Anno dopo anno, i combattimenti erano infuriati intorno alla preda più ambita, la città di Dun Deverry, presa da una fazione un’estate soltanto per essere conquistata da un’altra qualche anno più tardi. Dopo tanti assedi, Gweniver dubitava che della Città Santa rimanesse ancora qualcosa che valesse la pena di essere reclamato, ma il suo possesso era di importanza vitale per chi voleva conservare la sovranità. Per tutto l’inverno la città era rimasta nelle mani di Cantrae, ma adesso era giunta la primavera e dovunque nel regno devastato dalla guerra i pretendenti stavano radunando i vassalli e consolidando le alleanze, e Gweniver era certa che ormai gli alleati del suo clan si trovassero già tutti a Cerrmor.
— Ascolta, Maccy — disse quindi alla sorella. — Può darsi che noi si sia costrette a rimanere qui per tutta l’estate, ma prima o poi qualcuno arriverà con la sua banda di guerra a tirarci fuori.
Macla annuì con espressione infelice. Le due ragazze erano sedute nei giardini del tempio, su una piccola panca posta fra file di carote e di cavoli. Macla, che aveva sedici anni, era di solito una ragazza graziosa, ma quel giorno i suoi capelli biondi erano raccolti in un nodo arruffato e i suoi occhi erano rossi e gonfi per il pianto.

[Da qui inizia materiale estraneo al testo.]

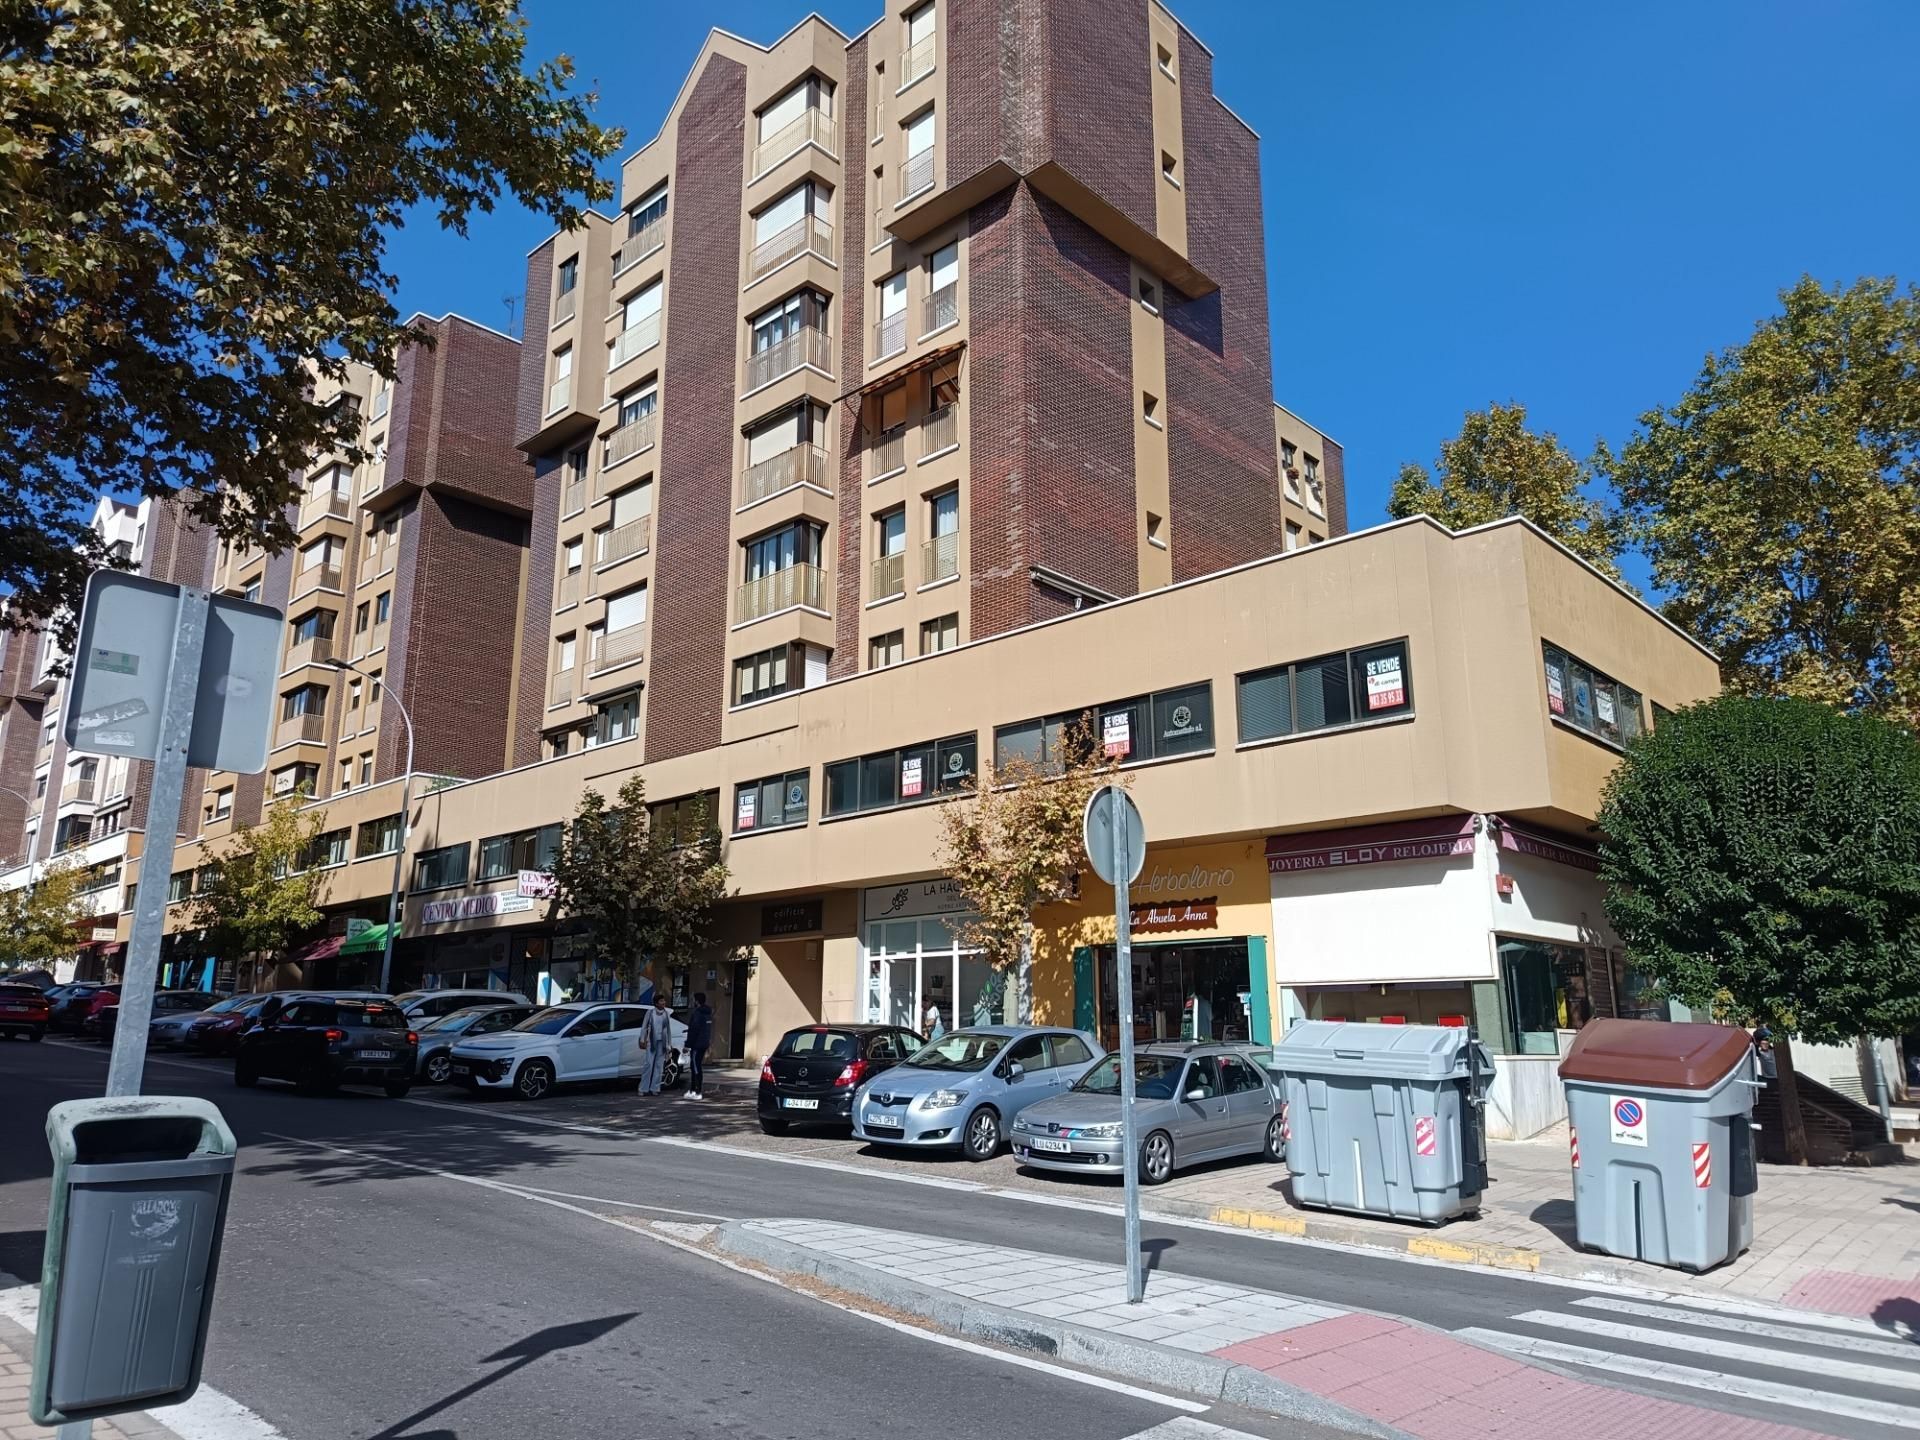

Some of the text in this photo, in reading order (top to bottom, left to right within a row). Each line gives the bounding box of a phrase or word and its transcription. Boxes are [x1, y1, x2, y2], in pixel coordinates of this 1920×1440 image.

— Spero che tu abbia ragione — replicò infine. — Ma se nessuno pensasse che le nostre terre valgono qualcosa? Chiunque ti sposasse dovrebbe poi però sempre combattere contro il dannato vecchio Cinghiale, e dal momento che adesso tu non ti puoi più permettere di darmi una dote, probabilmente marcirò in quest’orribile vecchio tempio per il resto della mia vita.
— Non dire assurdità del genere! Se io pronunciassi i voti sacri, allora tu avresti per la tua dote più terra di quanta qualsiasi donna possa mai pensare di ereditare.
— Oh. — La speranza tornò ad affiorare negli occhi di Macla. — Tu hai sempre parlato di diventare una sacerdotessa.
— Proprio così. Non ti preoccupare, riusciremo a trovarti un marito.
Macla sorrise, rasserenata, ma il suo flusso di lamentele aveva intanto avuto l’effetto di far insorgere dei dubbi nella mente di sua sorella. E se davvero nessuno si fosse mostrato disposto ad accettare in dote le terre del Lupo a causa della faida legata ad esse? Avendo ascoltato per tutta la vita discorsi di guerra, Gweniver ne sapeva in proposito qualcosa di più dell’innocente Macla: le terre del Lupo si trovavano in una brutta posizione strategica, proprio sul confine con Cantrae e così ad est di Cerrmor che era assai difficile difenderle. E se il re, che risiedeva a Cerrmor, avesse deciso di modificare i confini per consolidarli?
Lasciata sola Maccy nel giardino, Gweniver prese a passeggiare con irrequietezza: se soltanto fosse riuscita ad arrivare fino dal re per presentargli la sua petizione! Secondo tutto ciò che aveva sentito dire sul suo conto, il sovrano era un uomo scrupolosamente onorevole e avrebbe potuto benissimo darle ascolto, sempre che avesse trovato il modo di raggiungerlo. Salita sulla passerella sovrastante le porte, Gweniver guardò all’esterno… anche se erano trascorsi tre giorni, Burcan e i suoi erano ancora accampati sul prato.
— Quanto tempo intendete restare lì, bastardi? — borbottò fra sé.
Risultò però ben presto che il Cinghiale non era intenzionato a fermarsi ancora per molto. Il mattino successivo, allorché salì sui bastioni subito dopo l’alba, Gweniver vide infatti che i membri della banda di guerra stavano sellando i cavalli e caricando i carri dei viveri. Quando se ne andarono, però, gli uomini del Cinghiale lasciarono sul posto quattro soldati e un carro fornito di provviste sufficienti a rimanere là di guardia per mesi.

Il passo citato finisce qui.